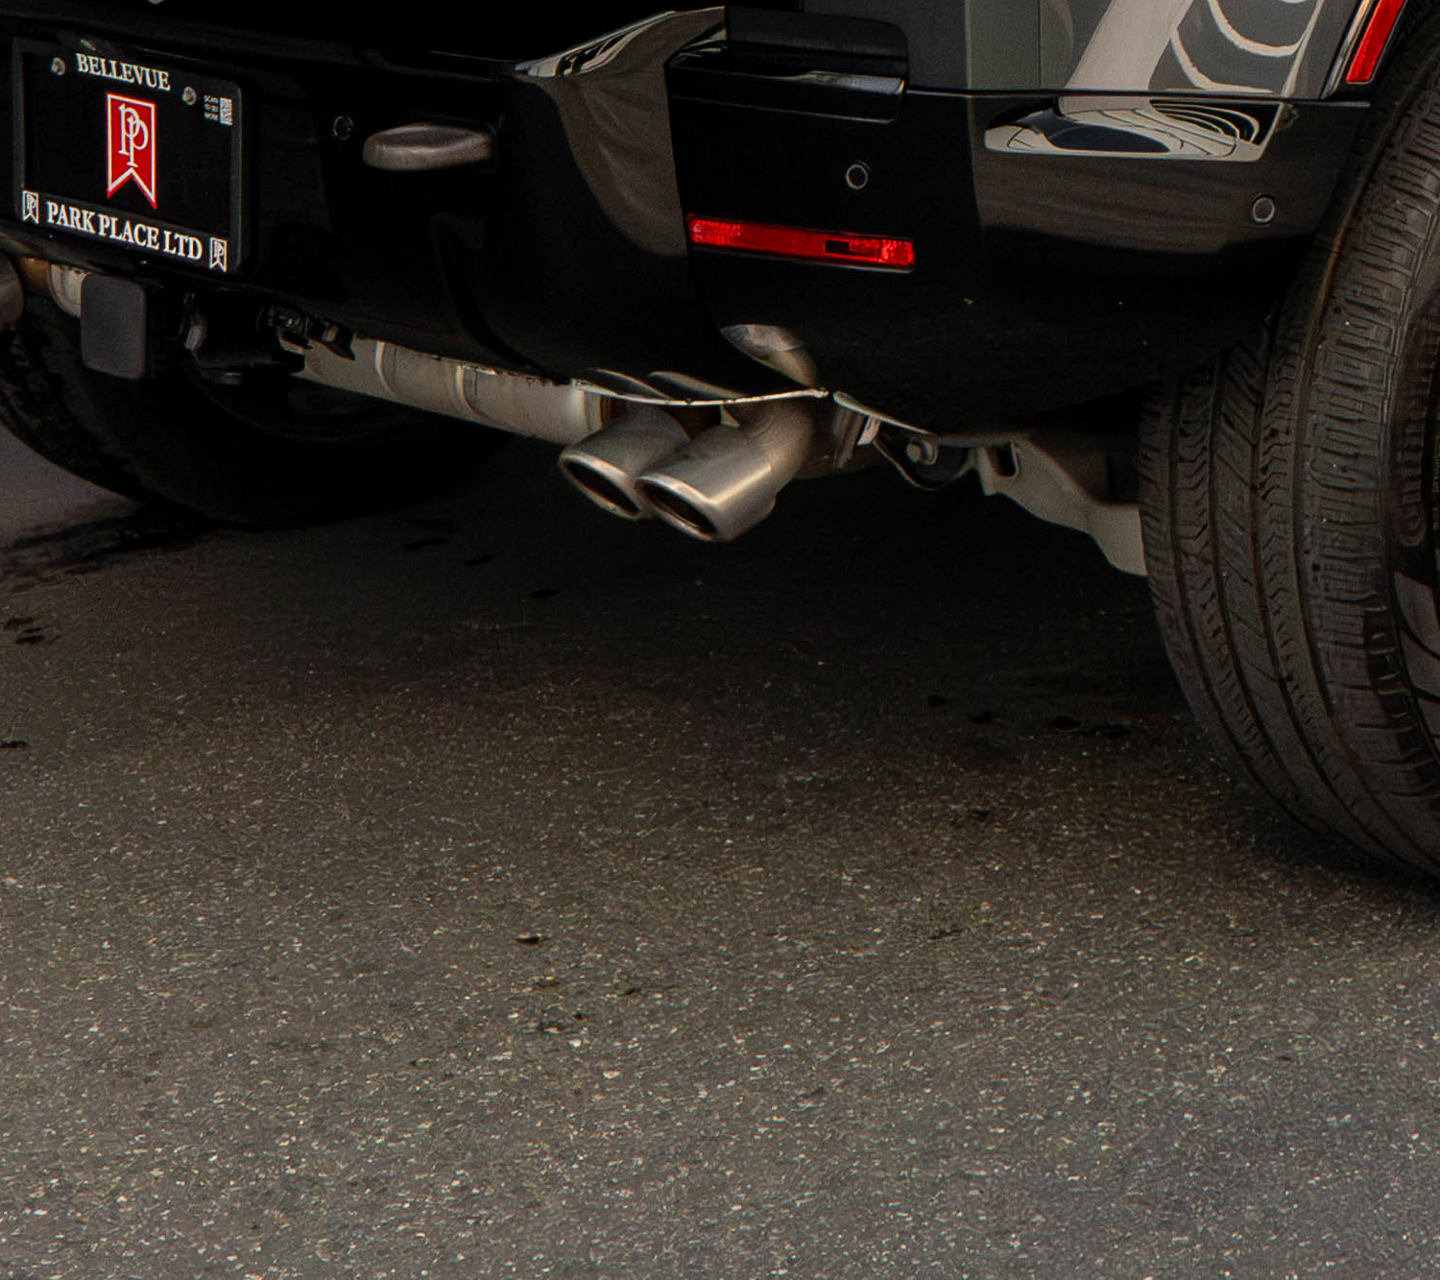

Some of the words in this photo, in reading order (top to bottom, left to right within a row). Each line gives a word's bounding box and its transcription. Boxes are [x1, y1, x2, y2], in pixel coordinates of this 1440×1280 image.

[75, 52, 171, 91] BELLEVUE
[46, 200, 96, 235] PARK
[97, 213, 160, 250] PLACE
[163, 230, 203, 260] LTD
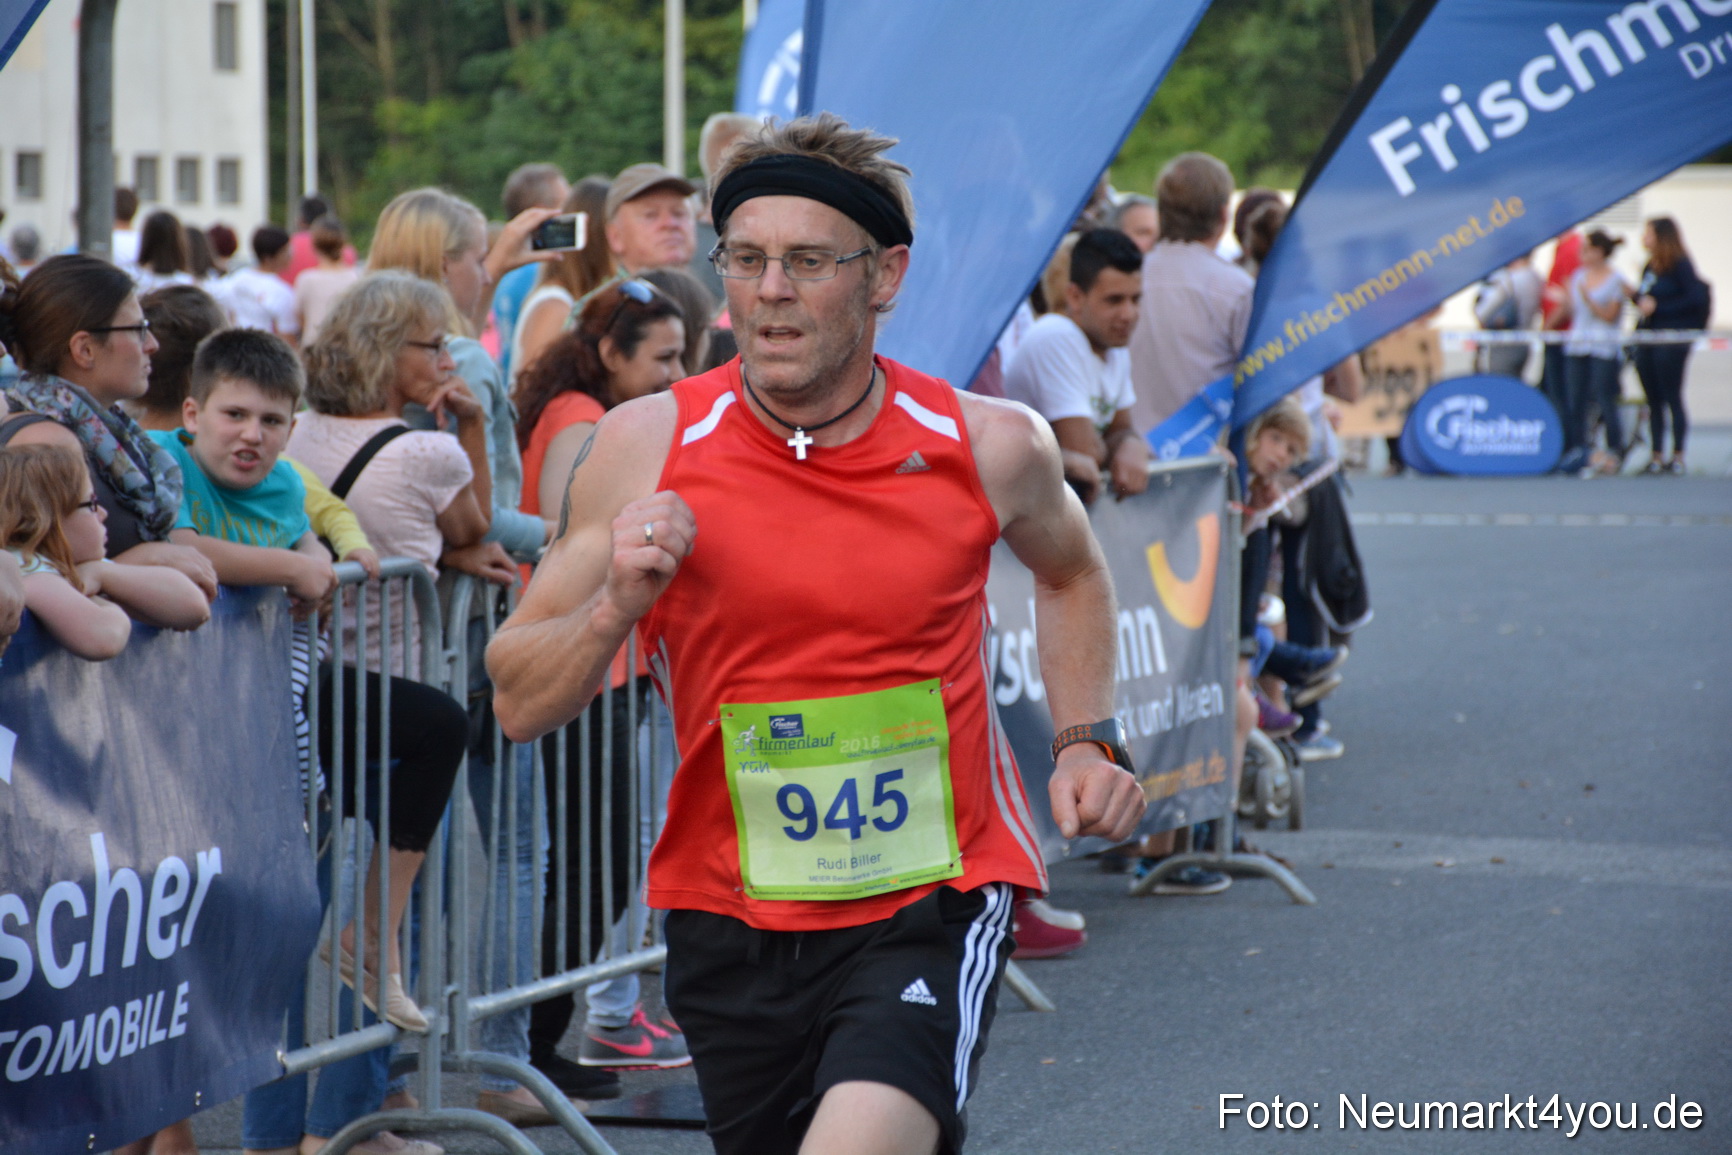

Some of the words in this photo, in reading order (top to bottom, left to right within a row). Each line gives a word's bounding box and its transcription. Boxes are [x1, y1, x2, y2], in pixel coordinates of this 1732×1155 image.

[1440, 402, 1546, 443] Fischer
[758, 732, 836, 751] firmenlauf
[840, 735, 881, 754] 2016
[776, 768, 909, 842] 945
[817, 857, 847, 870] Rudi
[850, 853, 882, 869] Biller
[808, 875, 831, 883] MEIER
[872, 866, 893, 876] GmbH
[900, 993, 938, 1006] adidas
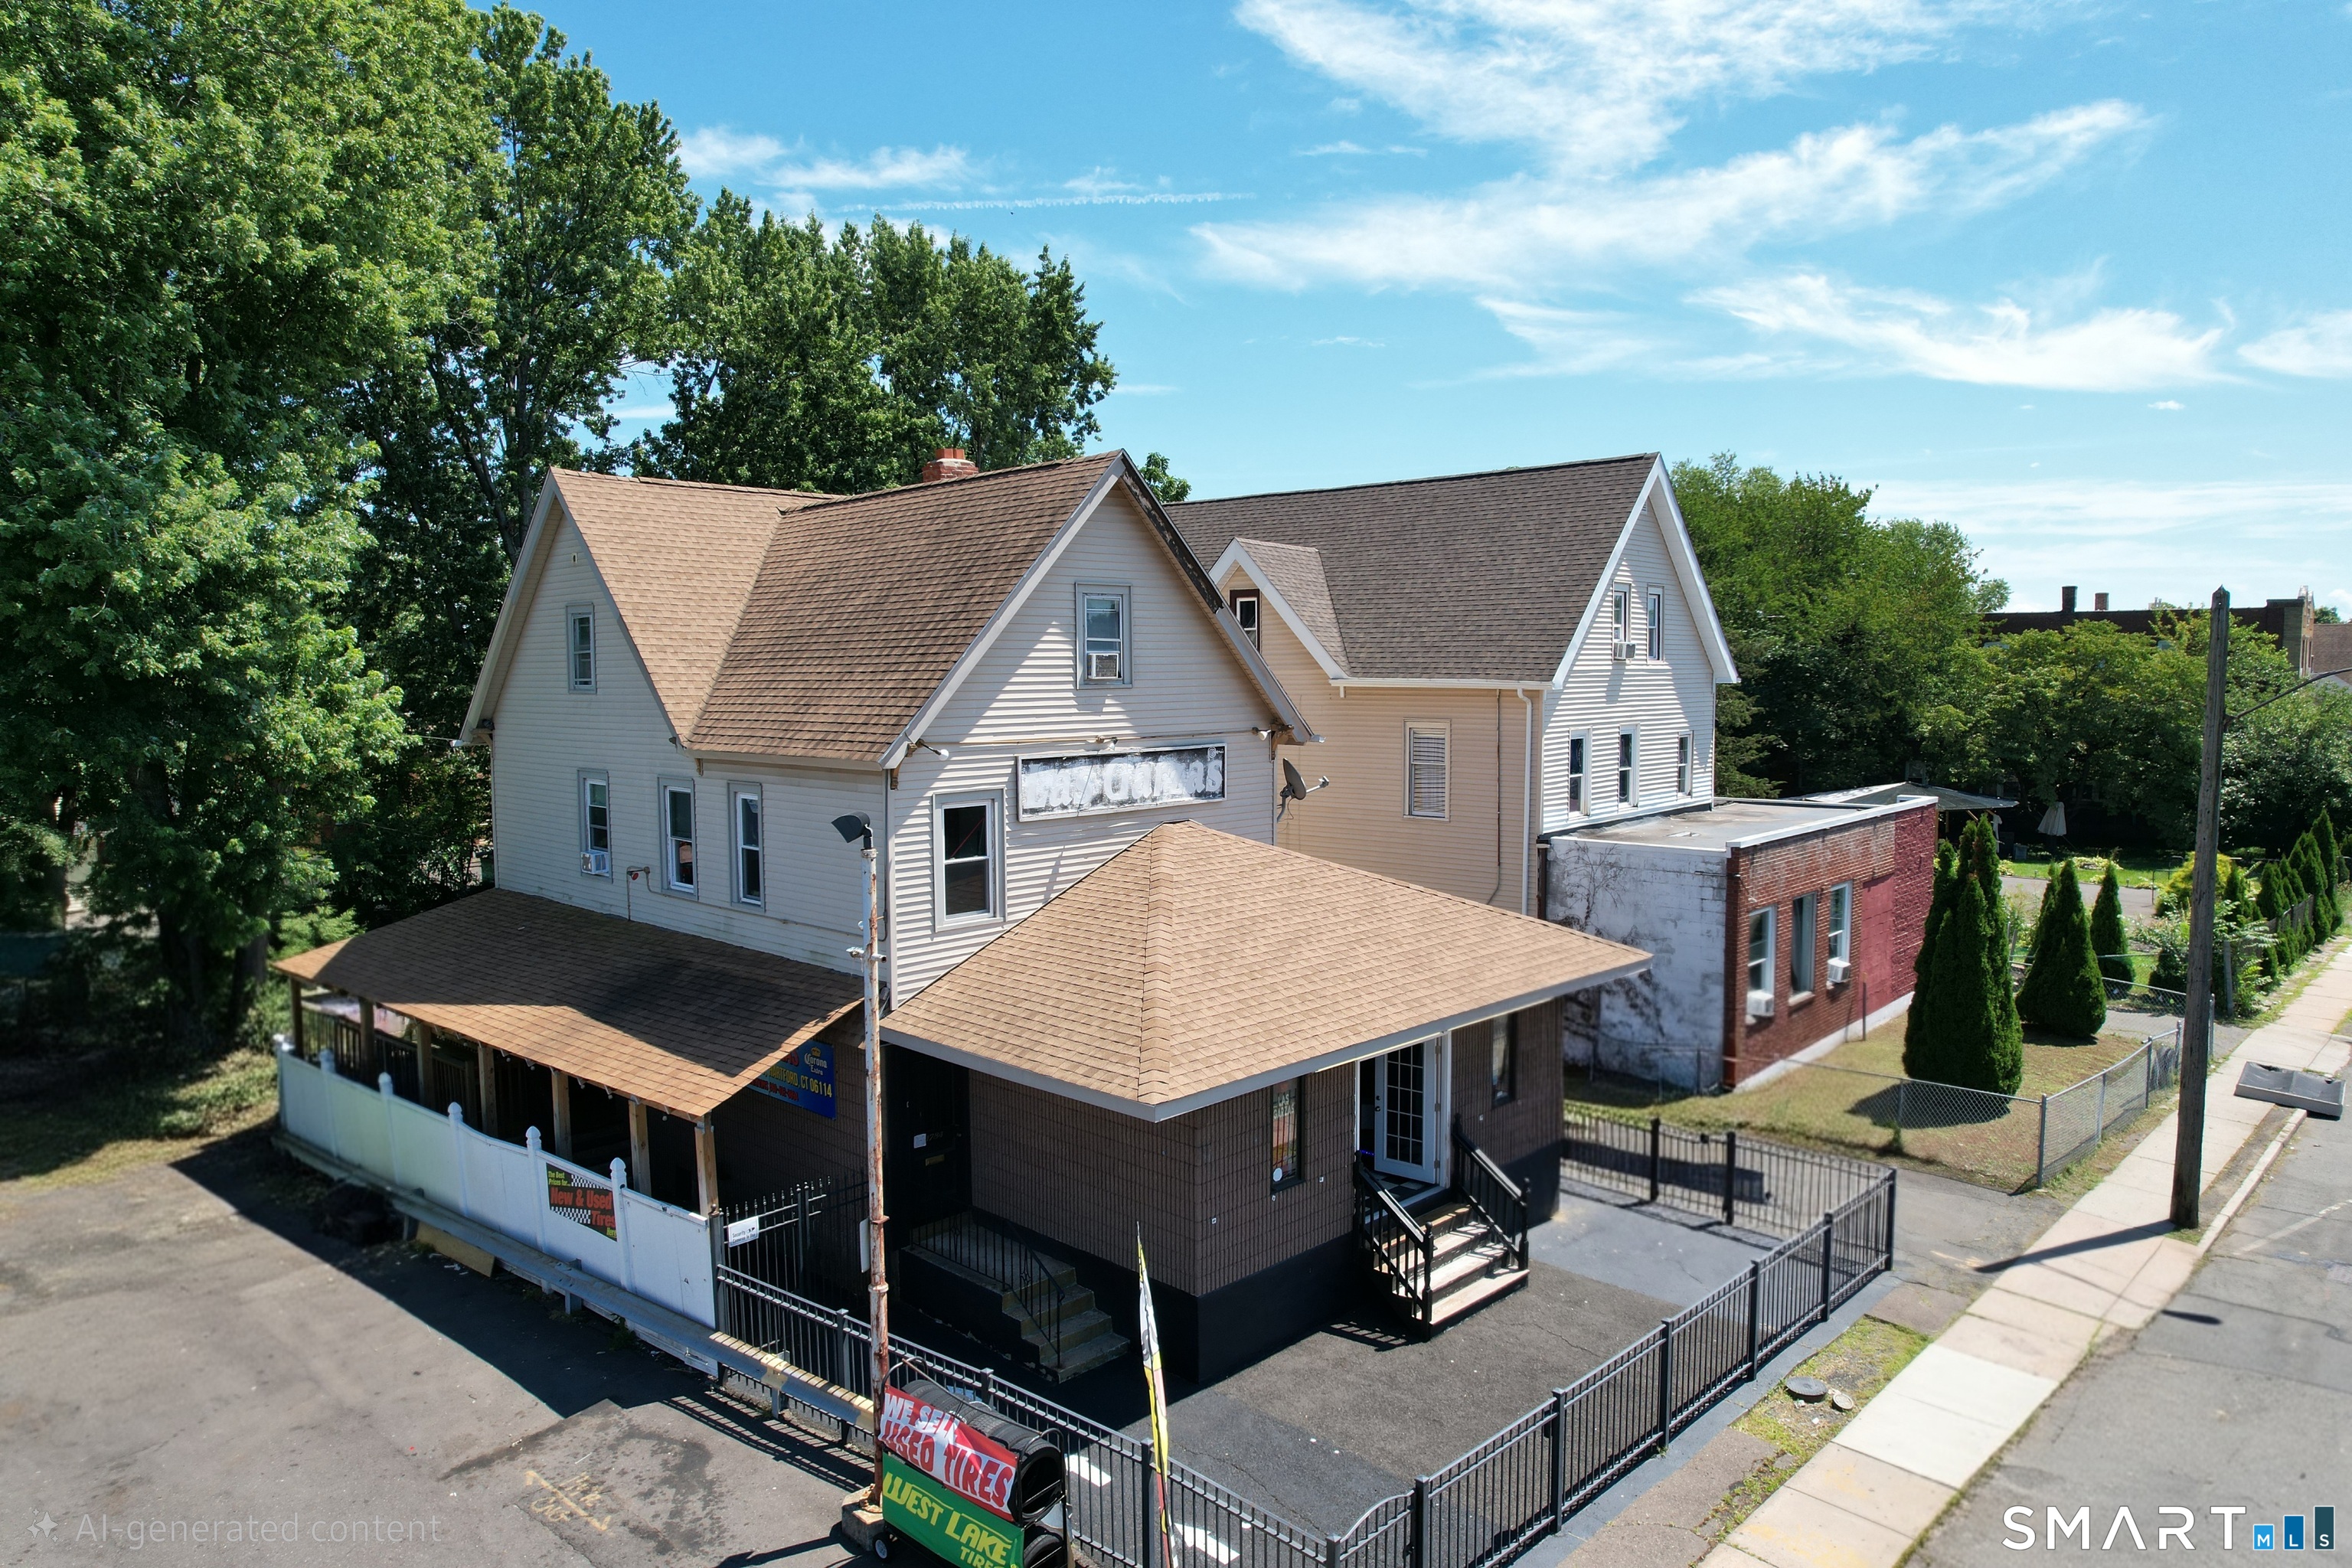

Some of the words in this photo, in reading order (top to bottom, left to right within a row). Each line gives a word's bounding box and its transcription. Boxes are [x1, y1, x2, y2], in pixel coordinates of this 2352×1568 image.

> _Problem statement_
When pictures appear among the entries, skip them and copy all remaining text precisely.

> _Solution to this exercise_
Some of the words in this photo, in reading order (top to bottom, left to right within a row). Each line gives a word's bounding box and its transcription. Boxes are [x1, y1, x2, y2], in pixel coordinates of this 1440×1280 image.

[75, 52, 171, 91] BELLEVUE
[46, 200, 96, 235] PARK
[97, 213, 160, 250] PLACE
[163, 230, 203, 260] LTD

Some of the words in this photo, in reading order (top to bottom, left to right within a row). Each line gives a word's bounding box and its transcription. Boxes are [x1, y1, x2, y2], in pixel coordinates of this 1732×1155 image.

[1440, 402, 1546, 443] Fischer
[758, 732, 836, 751] firmenlauf
[840, 735, 881, 754] 2016
[776, 768, 909, 842] 945
[817, 857, 847, 870] Rudi
[850, 853, 882, 869] Biller
[808, 875, 831, 883] MEIER
[872, 866, 893, 876] GmbH
[900, 993, 938, 1006] adidas

Some of the words in this photo, in reading order (top to bottom, left to right within a row). Each line gives a word's bounding box and its transcription. Boxes are [x1, y1, x2, y2], in pixel coordinates of this 2352×1568 image.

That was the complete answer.